Para Fong Chi Keong, “a lei deve ser clara” nesta matéria: “As molduras penais são excessivas, vão de três a 12 anos e de um a oito. Fica, assim, ao critério dos juízes. Porque há esta diferença tão grande?”, questionou, reflectindo assim mais um dúvida da comissão. Na conferência de imprensa depois da reunião da comissão, o deputado fez ainda comparações com outros crimes e respectivas penas, para concluir que é necessária uma “harmonia” entre os diferentes delitos e respectivas punições dentro do mesmo ordenamento jurídico.

Nas mãos da polícia

Embora tenha afastado a hipótese de descriminalização das chamadas drogas leves, porque as “organizações internacionais indicam que o consumo prologando faz mal”, o presidente da Comissão Permanente relativizou a seriedade do consumo de estupefacientes em Macau, defendendo que “a pena de prisão só traz malefícios”. “Não é um crime grave, está classificado em 10º ou em 11º lugar na tabela de crimes”, sublinhou. “Tenho amigos no Canadá que fumam haxixe como se fosse um medicamento, em pequenas quantidades. Ninguém liga”, contou. Ora, a realidade local demonstra que o Governo de Macau tem outra percepção da questão: quer aumentar a pena de prisão dos actuais três meses para meio ano.

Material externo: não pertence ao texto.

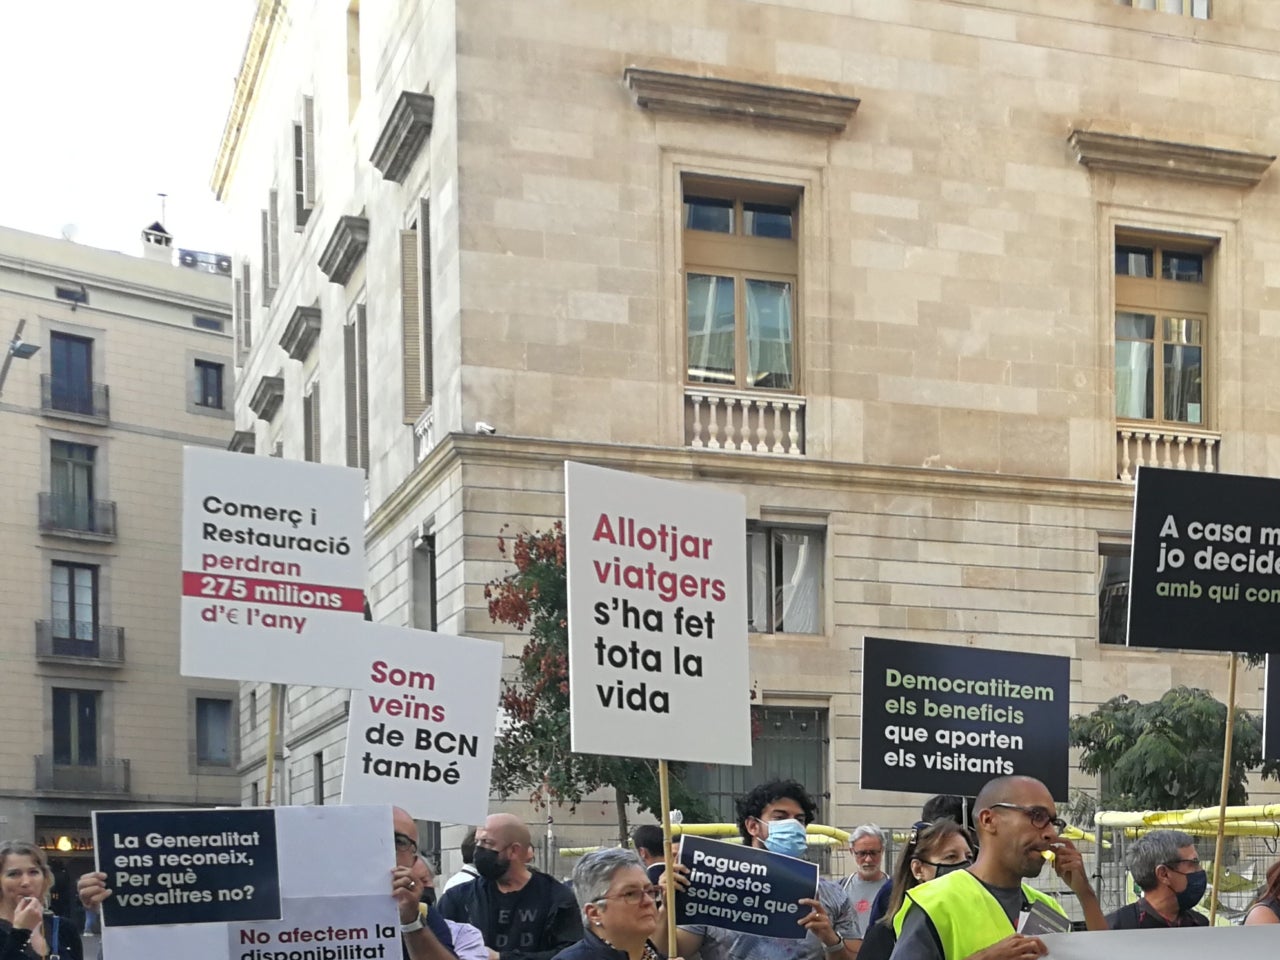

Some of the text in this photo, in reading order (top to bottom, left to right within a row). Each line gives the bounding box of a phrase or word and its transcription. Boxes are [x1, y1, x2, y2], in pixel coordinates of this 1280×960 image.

Para o deputado, no actual decreto-lei sobre a matéria “as penas não são leves”. No estilo que lhe é bem característico, Fong deixou uma sugestão à polícia – “Faça mais diligências, investigue mais, aplique a lei em vigor”. Pelos vistos, até os deputados sabem onde anda este tipo de crime. “É nos estabelecimentos nocturnos que se consomem drogas.”

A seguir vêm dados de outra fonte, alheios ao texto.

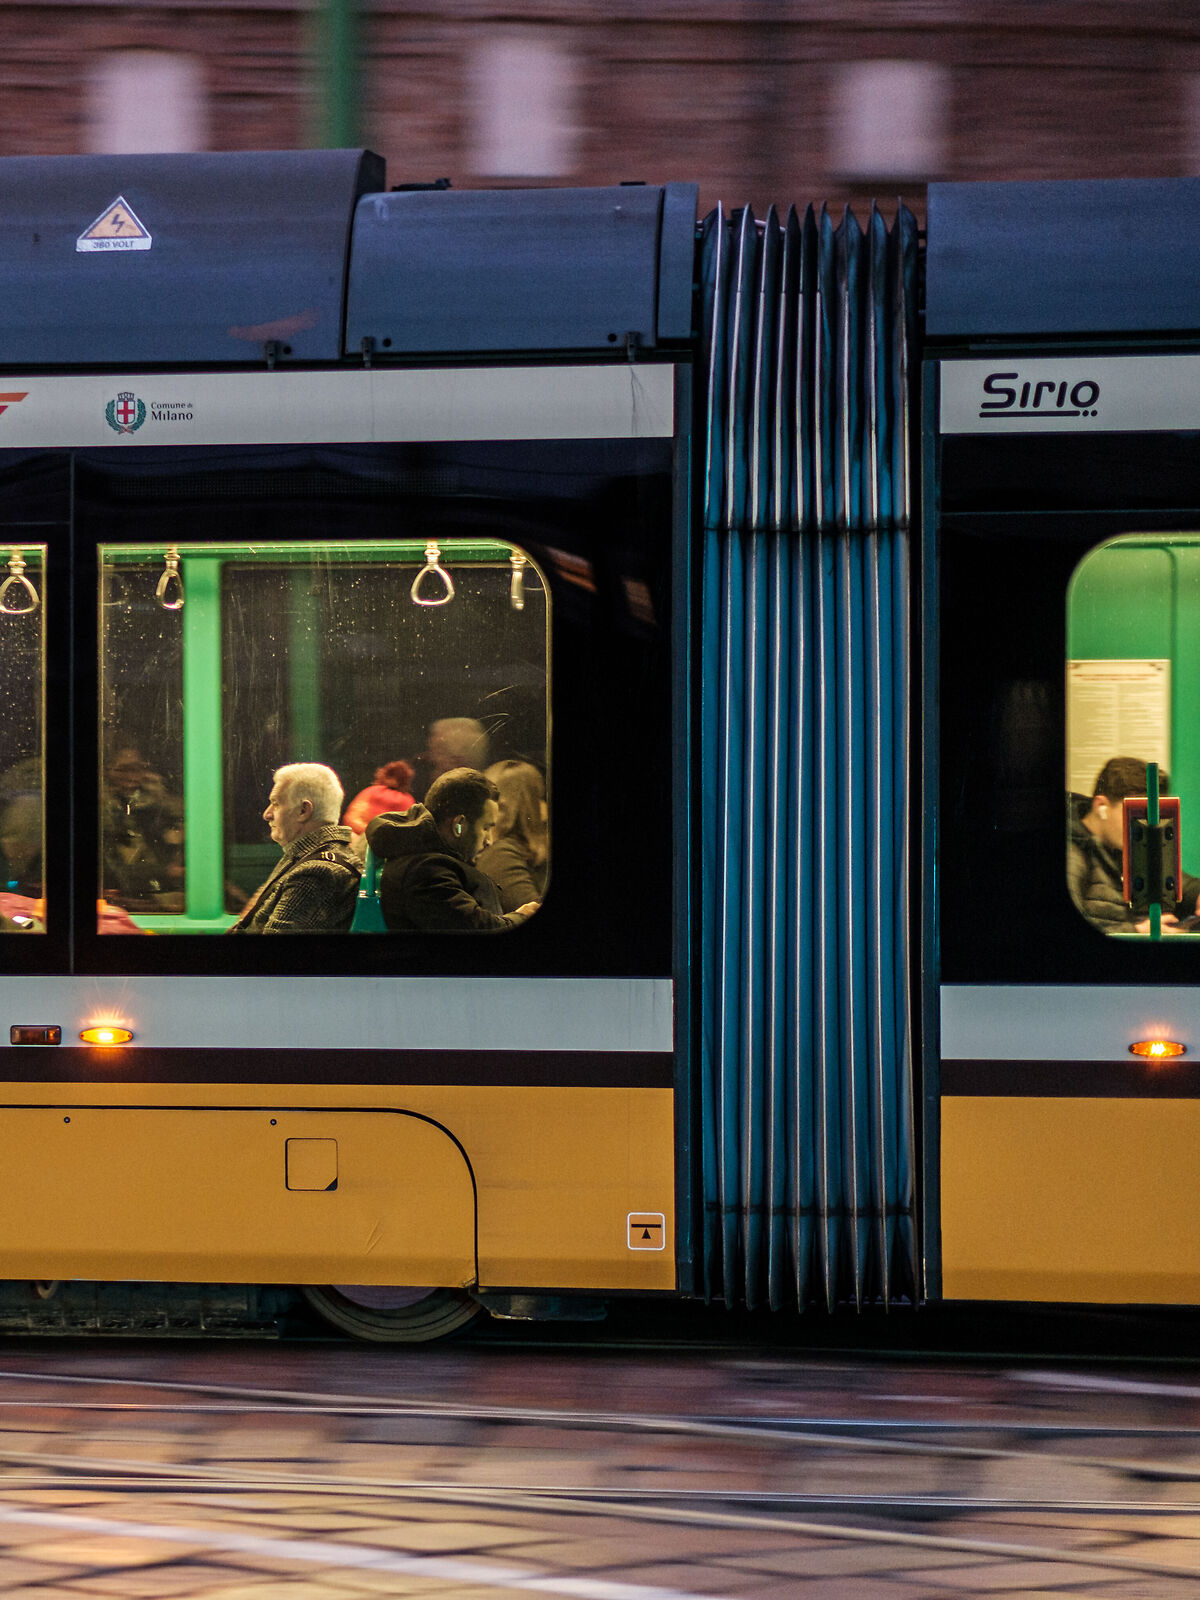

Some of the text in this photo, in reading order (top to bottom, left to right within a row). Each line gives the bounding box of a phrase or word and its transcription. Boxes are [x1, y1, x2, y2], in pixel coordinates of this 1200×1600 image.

[93, 241, 135, 249] 380 VOLT
[151, 402, 186, 410] Comune
[151, 410, 193, 421] Milano

A Assembleia Legislativa parece assim ir ao encontro de quem lida de perto com os toxicodependentes de Macau. Desde que a proposta de lei em causa foi apresentada, foram já algumas as vozes que se manifestaram contra o endurecimento da lei. Alegam que a actual já é demasiado punitiva e defendem que os esforços governativos se deveriam concentrar na prevenção.
Noutra perspectiva, as dúvidas dos deputados surgem numa óptica bem distinta da do Gabinete do Procurador da RAEM, que já afirmou publicamente ser favorável a uma revisão da lei vigente. Ho Chio Meng não faz a mesma leitura de Fong Chi Keong, pois considera preocupante a situação actual de Macau no que à droga diz respeito.